INSTRUCTIONS FOR THE TASK: Word for word, set down the entries that follow.

RAW DATA:
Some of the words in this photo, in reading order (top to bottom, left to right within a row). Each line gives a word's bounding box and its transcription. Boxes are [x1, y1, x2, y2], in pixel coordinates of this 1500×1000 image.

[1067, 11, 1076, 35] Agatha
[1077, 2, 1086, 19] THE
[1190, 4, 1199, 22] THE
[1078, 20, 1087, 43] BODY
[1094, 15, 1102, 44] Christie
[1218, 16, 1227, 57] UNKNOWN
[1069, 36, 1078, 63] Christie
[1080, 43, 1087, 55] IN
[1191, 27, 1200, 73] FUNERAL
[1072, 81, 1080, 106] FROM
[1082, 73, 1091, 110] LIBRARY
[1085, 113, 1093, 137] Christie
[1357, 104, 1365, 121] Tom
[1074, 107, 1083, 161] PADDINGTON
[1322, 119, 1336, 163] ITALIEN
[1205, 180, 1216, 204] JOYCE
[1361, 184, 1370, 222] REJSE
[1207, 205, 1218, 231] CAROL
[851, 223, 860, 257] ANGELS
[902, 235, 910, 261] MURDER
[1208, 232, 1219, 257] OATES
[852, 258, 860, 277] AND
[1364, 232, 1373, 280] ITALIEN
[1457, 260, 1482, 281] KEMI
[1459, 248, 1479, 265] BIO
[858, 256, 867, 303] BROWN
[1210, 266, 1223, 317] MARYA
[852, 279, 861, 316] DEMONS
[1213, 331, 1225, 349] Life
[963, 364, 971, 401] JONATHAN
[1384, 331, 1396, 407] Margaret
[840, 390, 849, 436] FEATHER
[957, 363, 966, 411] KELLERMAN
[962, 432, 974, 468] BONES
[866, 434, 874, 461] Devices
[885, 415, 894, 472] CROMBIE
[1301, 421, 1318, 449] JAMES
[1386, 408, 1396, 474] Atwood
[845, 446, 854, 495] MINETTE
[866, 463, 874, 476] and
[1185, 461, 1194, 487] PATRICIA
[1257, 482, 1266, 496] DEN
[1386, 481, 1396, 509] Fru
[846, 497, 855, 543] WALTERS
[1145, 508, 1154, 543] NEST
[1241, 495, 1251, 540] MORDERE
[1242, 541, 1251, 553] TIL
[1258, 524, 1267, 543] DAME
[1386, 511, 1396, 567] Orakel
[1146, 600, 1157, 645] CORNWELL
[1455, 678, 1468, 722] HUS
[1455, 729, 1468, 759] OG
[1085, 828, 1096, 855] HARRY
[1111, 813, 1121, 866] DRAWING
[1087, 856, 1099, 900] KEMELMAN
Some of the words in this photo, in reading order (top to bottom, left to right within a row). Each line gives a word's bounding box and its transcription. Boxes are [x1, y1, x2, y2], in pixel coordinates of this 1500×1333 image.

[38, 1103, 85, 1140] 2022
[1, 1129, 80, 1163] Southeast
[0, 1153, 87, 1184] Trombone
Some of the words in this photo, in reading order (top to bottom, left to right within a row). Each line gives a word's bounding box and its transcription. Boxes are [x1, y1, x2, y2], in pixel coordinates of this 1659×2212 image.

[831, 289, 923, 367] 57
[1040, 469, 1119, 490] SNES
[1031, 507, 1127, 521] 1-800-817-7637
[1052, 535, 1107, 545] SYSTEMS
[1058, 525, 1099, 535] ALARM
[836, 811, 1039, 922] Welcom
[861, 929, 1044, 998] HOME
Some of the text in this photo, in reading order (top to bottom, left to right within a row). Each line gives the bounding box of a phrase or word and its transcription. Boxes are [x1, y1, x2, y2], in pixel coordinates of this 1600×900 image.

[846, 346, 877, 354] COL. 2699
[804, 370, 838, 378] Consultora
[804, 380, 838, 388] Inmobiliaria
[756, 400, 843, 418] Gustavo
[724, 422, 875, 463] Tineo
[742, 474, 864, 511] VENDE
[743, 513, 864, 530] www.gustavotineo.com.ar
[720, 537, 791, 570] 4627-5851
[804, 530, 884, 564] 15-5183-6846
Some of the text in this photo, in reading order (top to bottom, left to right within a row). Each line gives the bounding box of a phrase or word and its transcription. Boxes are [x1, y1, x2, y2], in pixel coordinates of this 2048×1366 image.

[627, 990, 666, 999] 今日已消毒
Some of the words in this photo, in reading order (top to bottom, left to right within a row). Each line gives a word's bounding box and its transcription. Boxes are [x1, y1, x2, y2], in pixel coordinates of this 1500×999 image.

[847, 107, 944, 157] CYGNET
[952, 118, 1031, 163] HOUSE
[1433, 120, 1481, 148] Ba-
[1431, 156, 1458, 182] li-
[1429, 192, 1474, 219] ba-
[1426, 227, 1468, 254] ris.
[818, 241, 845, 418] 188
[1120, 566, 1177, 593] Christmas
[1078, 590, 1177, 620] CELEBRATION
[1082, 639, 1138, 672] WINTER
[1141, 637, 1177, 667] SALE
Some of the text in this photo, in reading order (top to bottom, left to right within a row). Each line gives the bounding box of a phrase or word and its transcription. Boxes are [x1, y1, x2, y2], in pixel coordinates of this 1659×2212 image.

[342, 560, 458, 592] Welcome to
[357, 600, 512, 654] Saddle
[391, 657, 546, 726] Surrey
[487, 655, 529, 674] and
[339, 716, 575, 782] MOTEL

TASK OUTPUT:
Some of the words in this photo, in reading order (top to bottom, left to right within a row). Each line gives a word's bounding box and its transcription. Boxes are [x1, y1, x2, y2], in pixel coordinates of this 1500×1000 image.

[1067, 11, 1076, 35] Agatha
[1077, 2, 1086, 19] THE
[1190, 4, 1199, 22] THE
[1078, 20, 1087, 43] BODY
[1094, 15, 1102, 44] Christie
[1218, 16, 1227, 57] UNKNOWN
[1069, 36, 1078, 63] Christie
[1080, 43, 1087, 55] IN
[1191, 27, 1200, 73] FUNERAL
[1072, 81, 1080, 106] FROM
[1082, 73, 1091, 110] LIBRARY
[1085, 113, 1093, 137] Christie
[1357, 104, 1365, 121] Tom
[1074, 107, 1083, 161] PADDINGTON
[1322, 119, 1336, 163] ITALIEN
[1205, 180, 1216, 204] JOYCE
[1361, 184, 1370, 222] REJSE
[1207, 205, 1218, 231] CAROL
[851, 223, 860, 257] ANGELS
[902, 235, 910, 261] MURDER
[1208, 232, 1219, 257] OATES
[852, 258, 860, 277] AND
[1364, 232, 1373, 280] ITALIEN
[1457, 260, 1482, 281] KEMI
[1459, 248, 1479, 265] BIO
[858, 256, 867, 303] BROWN
[1210, 266, 1223, 317] MARYA
[852, 279, 861, 316] DEMONS
[1213, 331, 1225, 349] Life
[963, 364, 971, 401] JONATHAN
[1384, 331, 1396, 407] Margaret
[840, 390, 849, 436] FEATHER
[957, 363, 966, 411] KELLERMAN
[962, 432, 974, 468] BONES
[866, 434, 874, 461] Devices
[885, 415, 894, 472] CROMBIE
[1301, 421, 1318, 449] JAMES
[1386, 408, 1396, 474] Atwood
[845, 446, 854, 495] MINETTE
[866, 463, 874, 476] and
[1185, 461, 1194, 487] PATRICIA
[1257, 482, 1266, 496] DEN
[1386, 481, 1396, 509] Fru
[846, 497, 855, 543] WALTERS
[1145, 508, 1154, 543] NEST
[1241, 495, 1251, 540] MORDERE
[1242, 541, 1251, 553] TIL
[1258, 524, 1267, 543] DAME
[1386, 511, 1396, 567] Orakel
[1146, 600, 1157, 645] CORNWELL
[1455, 678, 1468, 722] HUS
[1455, 729, 1468, 759] OG
[1085, 828, 1096, 855] HARRY
[1111, 813, 1121, 866] DRAWING
[1087, 856, 1099, 900] KEMELMAN
Some of the words in this photo, in reading order (top to bottom, left to right within a row). Each line gives a word's bounding box and its transcription. Boxes are [x1, y1, x2, y2], in pixel coordinates of this 1500×1333 image.

[38, 1103, 85, 1140] 2022
[1, 1129, 80, 1163] Southeast
[0, 1153, 87, 1184] Trombone
Some of the words in this photo, in reading order (top to bottom, left to right within a row). Each line gives a word's bounding box and its transcription. Boxes are [x1, y1, x2, y2], in pixel coordinates of this 1659×2212 image.

[831, 289, 923, 367] 57
[1040, 469, 1119, 490] SNES
[1031, 507, 1127, 521] 1-800-817-7637
[1052, 535, 1107, 545] SYSTEMS
[1058, 525, 1099, 535] ALARM
[836, 811, 1039, 922] Welcom
[861, 929, 1044, 998] HOME
Some of the text in this photo, in reading order (top to bottom, left to right within a row). Each line gives the bounding box of a phrase or word and its transcription. Boxes are [x1, y1, x2, y2], in pixel coordinates of this 1600×900 image.

[846, 346, 877, 354] COL. 2699
[804, 370, 838, 378] Consultora
[804, 380, 838, 388] Inmobiliaria
[756, 400, 843, 418] Gustavo
[724, 422, 875, 463] Tineo
[742, 474, 864, 511] VENDE
[743, 513, 864, 530] www.gustavotineo.com.ar
[720, 537, 791, 570] 4627-5851
[804, 530, 884, 564] 15-5183-6846
Some of the text in this photo, in reading order (top to bottom, left to right within a row). Each line gives the bounding box of a phrase or word and its transcription. Boxes are [x1, y1, x2, y2], in pixel coordinates of this 2048×1366 image.

[627, 990, 666, 999] 今日已消毒
Some of the words in this photo, in reading order (top to bottom, left to right within a row). Each line gives a word's bounding box and its transcription. Boxes are [x1, y1, x2, y2], in pixel coordinates of this 1500×999 image.

[847, 107, 944, 157] CYGNET
[952, 118, 1031, 163] HOUSE
[1433, 120, 1481, 148] Ba-
[1431, 156, 1458, 182] li-
[1429, 192, 1474, 219] ba-
[1426, 227, 1468, 254] ris.
[818, 241, 845, 418] 188
[1120, 566, 1177, 593] Christmas
[1078, 590, 1177, 620] CELEBRATION
[1082, 639, 1138, 672] WINTER
[1141, 637, 1177, 667] SALE
Some of the text in this photo, in reading order (top to bottom, left to right within a row). Each line gives the bounding box of a phrase or word and its transcription. Boxes are [x1, y1, x2, y2], in pixel coordinates of this 1659×2212 image.

[342, 560, 458, 592] Welcome to
[357, 600, 512, 654] Saddle
[391, 657, 546, 726] Surrey
[487, 655, 529, 674] and
[339, 716, 575, 782] MOTEL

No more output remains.